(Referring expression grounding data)

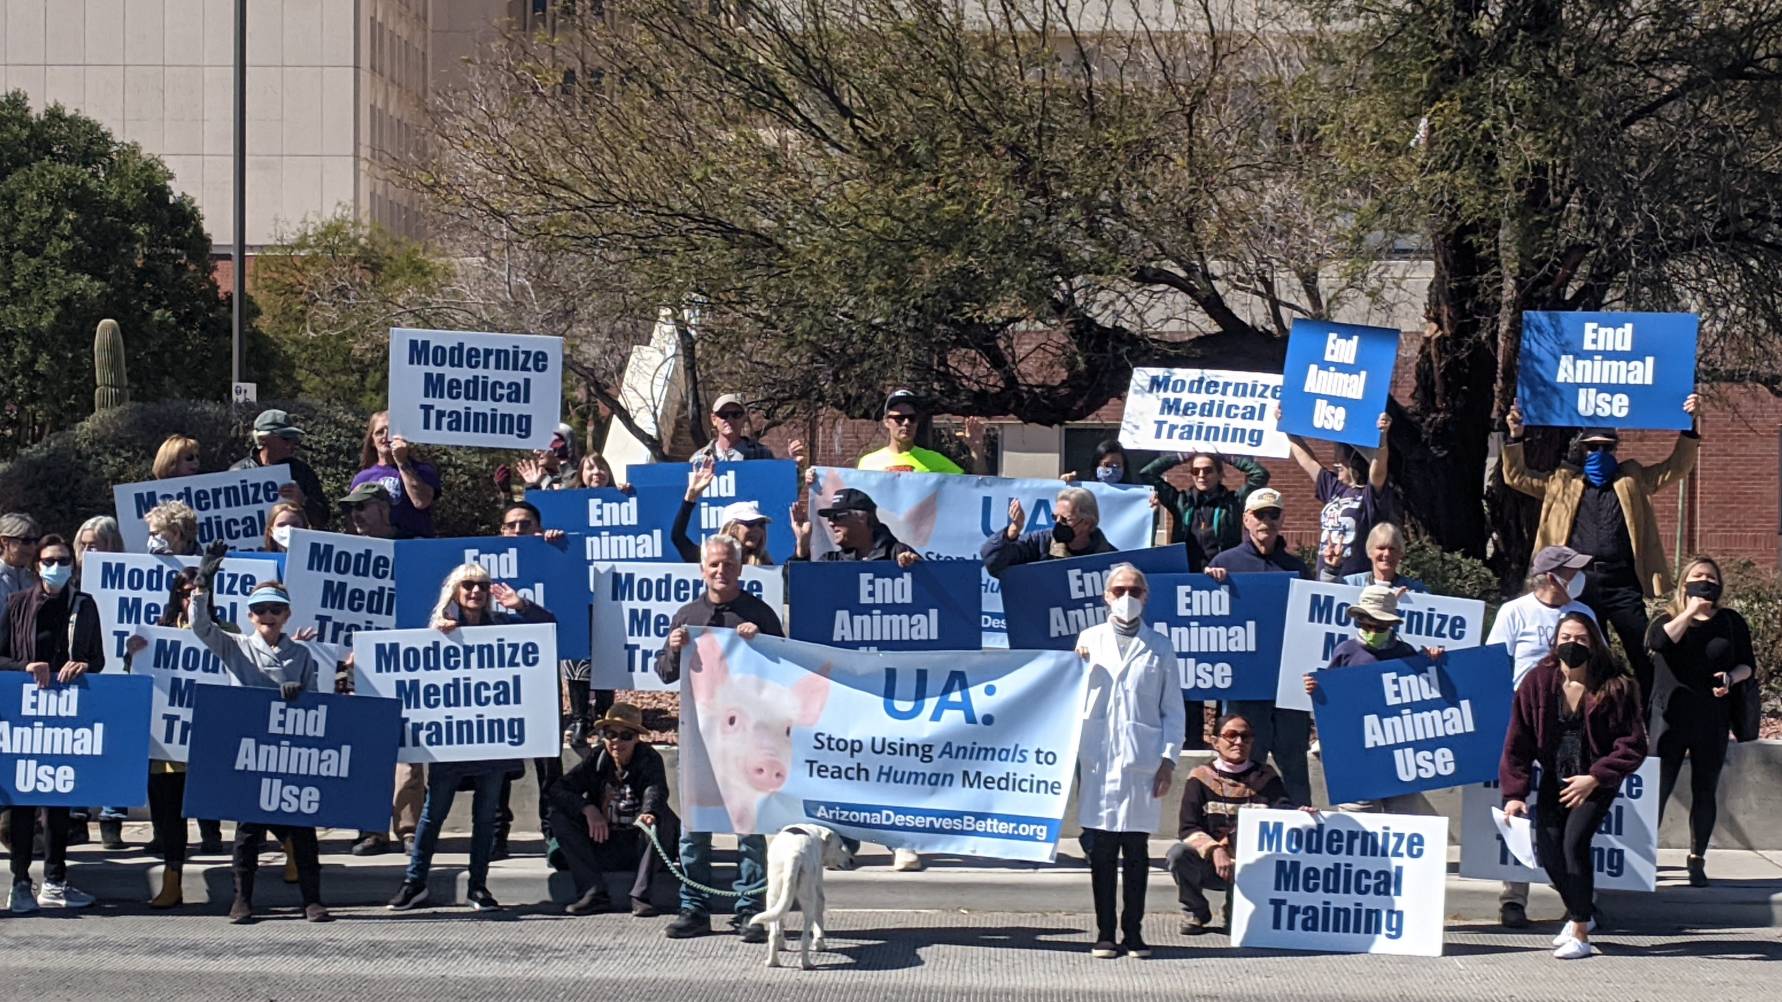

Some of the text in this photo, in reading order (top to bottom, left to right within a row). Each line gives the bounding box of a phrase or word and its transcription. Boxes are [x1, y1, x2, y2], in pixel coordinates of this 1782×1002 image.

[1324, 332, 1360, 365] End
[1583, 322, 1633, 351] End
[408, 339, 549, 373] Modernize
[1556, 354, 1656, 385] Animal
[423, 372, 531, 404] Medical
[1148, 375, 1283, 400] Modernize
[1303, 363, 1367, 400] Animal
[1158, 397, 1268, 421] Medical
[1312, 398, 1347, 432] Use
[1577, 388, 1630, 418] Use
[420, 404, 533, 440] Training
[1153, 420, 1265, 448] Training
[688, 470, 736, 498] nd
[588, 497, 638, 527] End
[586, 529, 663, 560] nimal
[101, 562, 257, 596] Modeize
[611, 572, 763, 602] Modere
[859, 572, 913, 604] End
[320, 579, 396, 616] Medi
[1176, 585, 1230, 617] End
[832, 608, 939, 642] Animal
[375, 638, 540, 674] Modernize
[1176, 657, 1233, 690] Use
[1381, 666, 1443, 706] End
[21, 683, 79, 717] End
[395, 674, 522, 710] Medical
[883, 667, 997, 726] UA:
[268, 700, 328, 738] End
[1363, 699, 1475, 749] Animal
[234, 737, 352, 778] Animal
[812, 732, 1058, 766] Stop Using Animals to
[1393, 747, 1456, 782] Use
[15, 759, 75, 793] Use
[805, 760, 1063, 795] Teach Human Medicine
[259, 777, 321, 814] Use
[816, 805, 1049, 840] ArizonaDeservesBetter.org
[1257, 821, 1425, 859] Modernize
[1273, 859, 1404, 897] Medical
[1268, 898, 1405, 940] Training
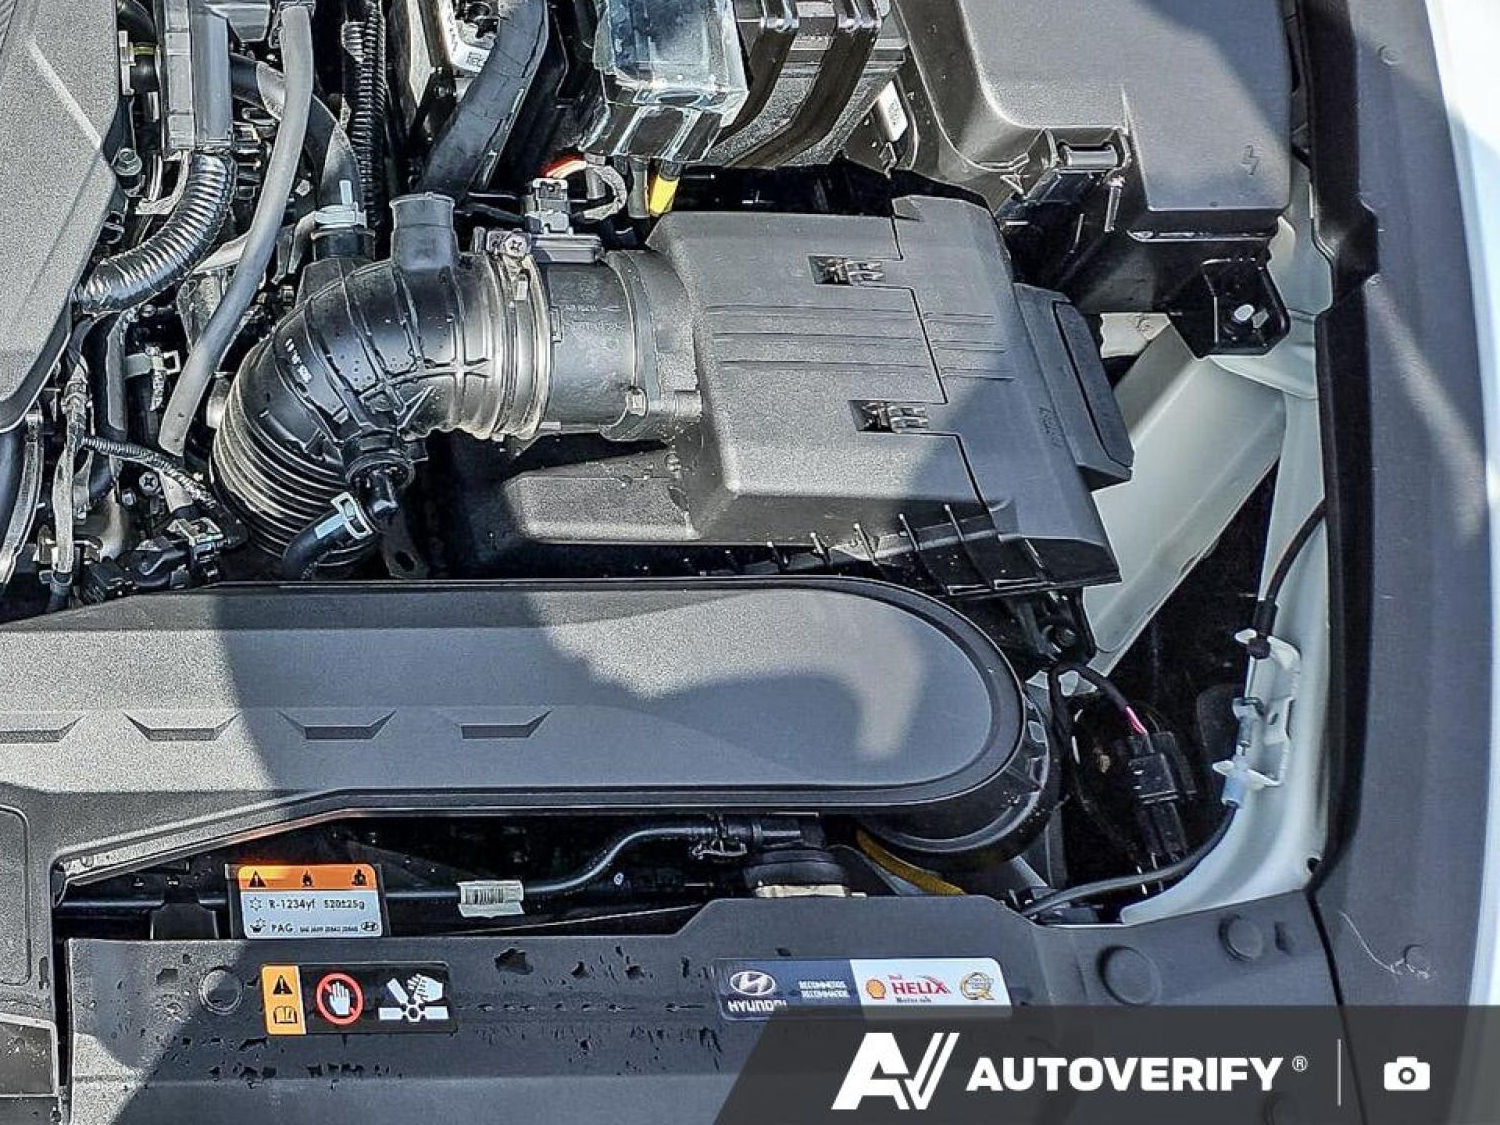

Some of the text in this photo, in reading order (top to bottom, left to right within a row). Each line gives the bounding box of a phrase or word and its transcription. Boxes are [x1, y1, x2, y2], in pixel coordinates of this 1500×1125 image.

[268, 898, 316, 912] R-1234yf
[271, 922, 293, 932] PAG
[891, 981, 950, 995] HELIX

◆ WHAT TO PRODUCE ◆
Once the pictures are set aside, copy the remaining text of every entry exactly.

◆ OUTPUT BELOW ◆
Some of the text in this photo, in reading order (top to bottom, left to right within a row). Each line gives the bounding box of a phrase or word and its transcription. Boxes are [x1, y1, x2, y2], in pixel coordinates of this 1782×1002 image.

[1324, 332, 1360, 365] End
[1583, 322, 1633, 351] End
[408, 339, 549, 373] Modernize
[1556, 354, 1656, 385] Animal
[423, 372, 531, 404] Medical
[1148, 375, 1283, 400] Modernize
[1303, 363, 1367, 400] Animal
[1158, 397, 1268, 421] Medical
[1312, 398, 1347, 432] Use
[1577, 388, 1630, 418] Use
[420, 404, 533, 440] Training
[1153, 420, 1265, 448] Training
[688, 470, 736, 498] nd
[588, 497, 638, 527] End
[586, 529, 663, 560] nimal
[101, 562, 257, 596] Modeize
[611, 572, 763, 602] Modere
[859, 572, 913, 604] End
[320, 579, 396, 616] Medi
[1176, 585, 1230, 617] End
[832, 608, 939, 642] Animal
[375, 638, 540, 674] Modernize
[1176, 657, 1233, 690] Use
[1381, 666, 1443, 706] End
[21, 683, 79, 717] End
[395, 674, 522, 710] Medical
[883, 667, 997, 726] UA:
[268, 700, 328, 738] End
[1363, 699, 1475, 749] Animal
[234, 737, 352, 778] Animal
[812, 732, 1058, 766] Stop Using Animals to
[1393, 747, 1456, 782] Use
[15, 759, 75, 793] Use
[805, 760, 1063, 795] Teach Human Medicine
[259, 777, 321, 814] Use
[816, 805, 1049, 840] ArizonaDeservesBetter.org
[1257, 821, 1425, 859] Modernize
[1273, 859, 1404, 897] Medical
[1268, 898, 1405, 940] Training

Some of the text in this photo, in reading order (top to bottom, left to right within a row). Each line gives the bounding box of a phrase or word and its transcription. Boxes are [x1, y1, x2, y2], in pixel coordinates of this 1500×1125 image.

[268, 898, 316, 912] R-1234yf
[271, 922, 293, 932] PAG
[891, 981, 950, 995] HELIX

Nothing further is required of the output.